Microsoft ha ideado una estrategia para continuar brindando soporte y actualizaciones a los usuarios de Windows 10 después de octubre de 2025, siempre y cuando opten por una suscripción. A pesar de ello, la empresa tiene como objetivo que los usuarios migren progresivamente hacia Windows 11, aunque Windows 10 sigue manteniendo cifras impresionantes en cuanto a su cuota de mercado.

Actualmente, Windows 10 ostenta una cuota de mercado del 70%, una de las más altas desde septiembre de 2023. En contraste, Windows 11 apenas alcanza el 25,65%. Desde febrero de este año, la última versión del sistema operativo ha experimentado una disminución en su base de usuarios, luego de alcanzar su punto máximo con el 28,16%.

Con la inminente llegada de Windows 11 24H2, Microsoft está intensificando sus esfuerzos para persuadir a los usuarios de que migren a Windows 11. La empresa está apostando fuertemente por la inteligencia artificial, con funciones avanzadas como AI Explorer y Copilot que se ejecutan localmente.

Sin embargo, las recientes decisiones en torno a la inteligencia artificial han generado cierta controversia.
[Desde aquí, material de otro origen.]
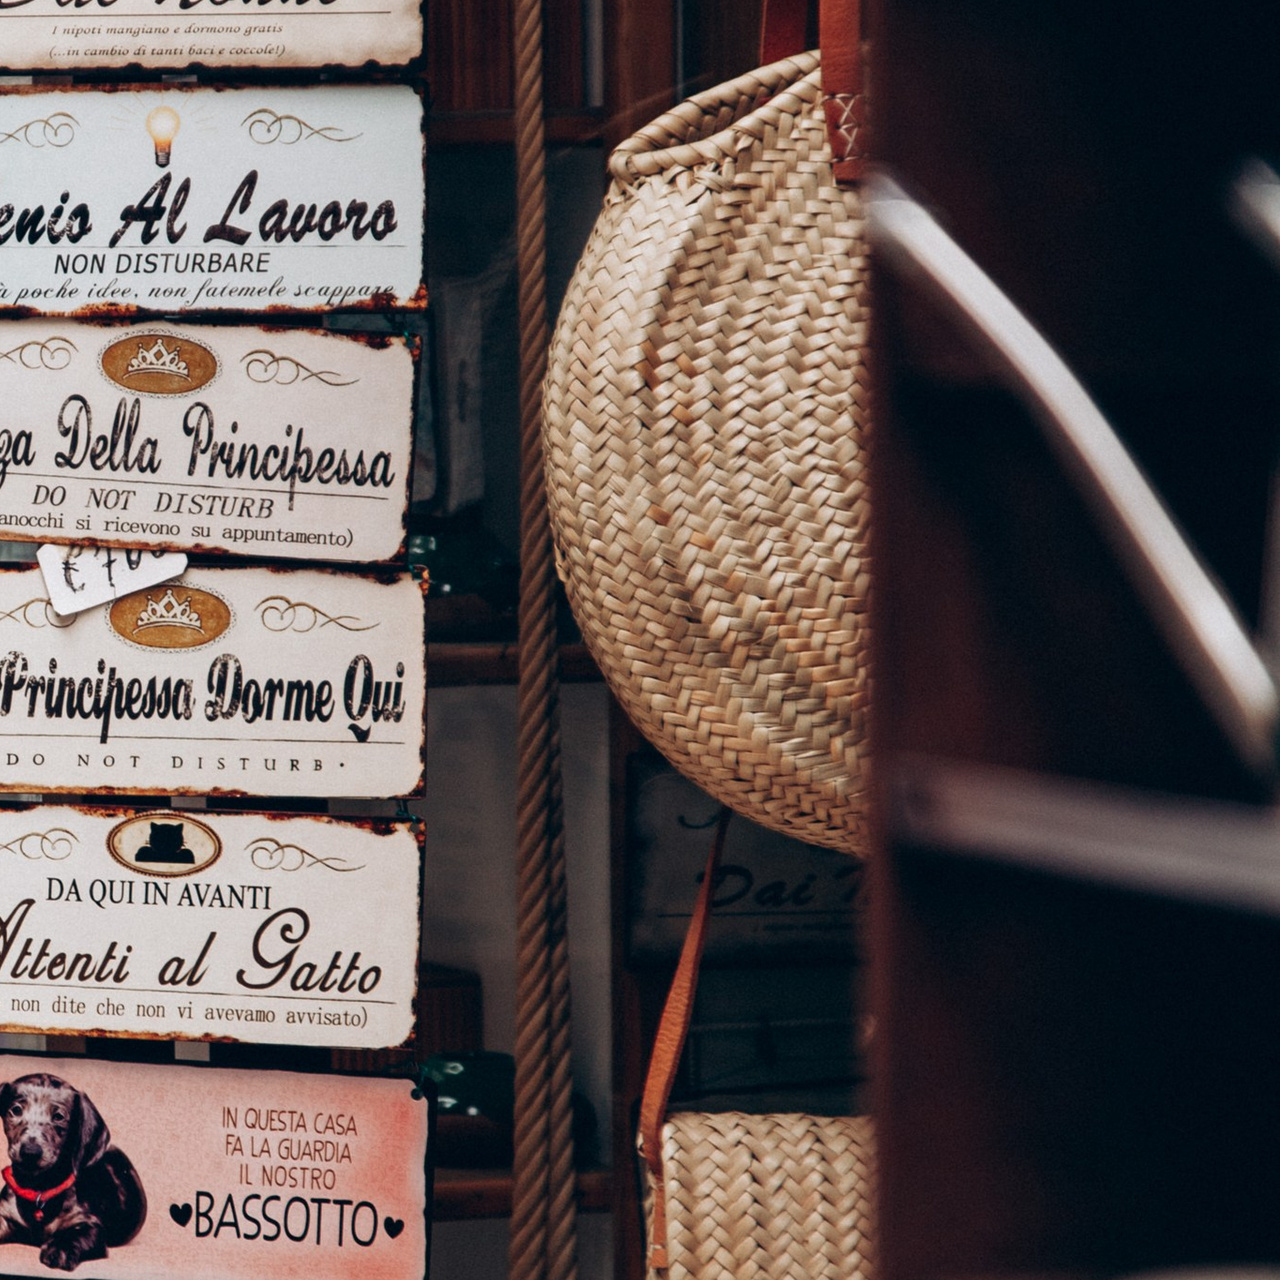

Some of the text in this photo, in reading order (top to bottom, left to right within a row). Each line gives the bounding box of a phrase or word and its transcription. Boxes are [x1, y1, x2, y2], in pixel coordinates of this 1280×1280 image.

[62, 23, 283, 37] nipoti mangiano dormono gratis
[84, 44, 286, 57] cambio tanti baci coccole!)
[110, 170, 192, 248] Al
[203, 169, 398, 246] Lavoro
[54, 252, 271, 275] NON DISTURBARE
[14, 278, 79, 305] poche
[87, 277, 139, 300] idee,
[147, 283, 187, 299] non
[193, 277, 288, 306] fatemele
[293, 282, 395, 305] scappare
[55, 393, 161, 475] Della
[182, 401, 396, 511] Principessa
[31, 484, 275, 518] DO NOT DISTURB
[76, 514, 92, 531] si
[104, 516, 181, 537] ricevono
[191, 522, 212, 538] su
[222, 521, 355, 549] appuntamento)
[205, 652, 335, 724] Dorme
[343, 654, 406, 743] Qui
[6, 753, 325, 772] DO NOT DISTURB
[46, 877, 271, 910] DA QUI IN AVANTI
[158, 931, 217, 987] al
[236, 906, 382, 995] Gatto
[11, 994, 41, 1012] non
[51, 993, 86, 1014] dite
[96, 997, 125, 1017] che
[135, 1001, 166, 1018] non
[177, 1000, 194, 1020] vi
[204, 1007, 276, 1023] avevamo
[285, 1006, 368, 1028] avvisato)
[222, 1106, 358, 1136] IN QUESTA CASA
[225, 1134, 352, 1163] FA LA GUARDIA
[239, 1163, 336, 1190] IL NOSTRO
[195, 1190, 378, 1248] BASSOTTO
Muchos usuarios se enfrentan a la imposibilidad de actualizar a Windows 11 debido a los requisitos de hardware, mientras que otros han notado una disminución en el rendimiento general de sus dispositivos. Además, algunas voces críticas argumentan que se está perdiendo la esencia tradicional de Windows con estas actualizaciones.

Las nuevas incorporaciones en el menú de inicio no han logrado atraer más usuarios hacia el sistema operativo más reciente. Esto ha llevado a algunos clientes a recurrir a bloqueadores de publicidad, mientras que otros han optado por regresar a Windows 10.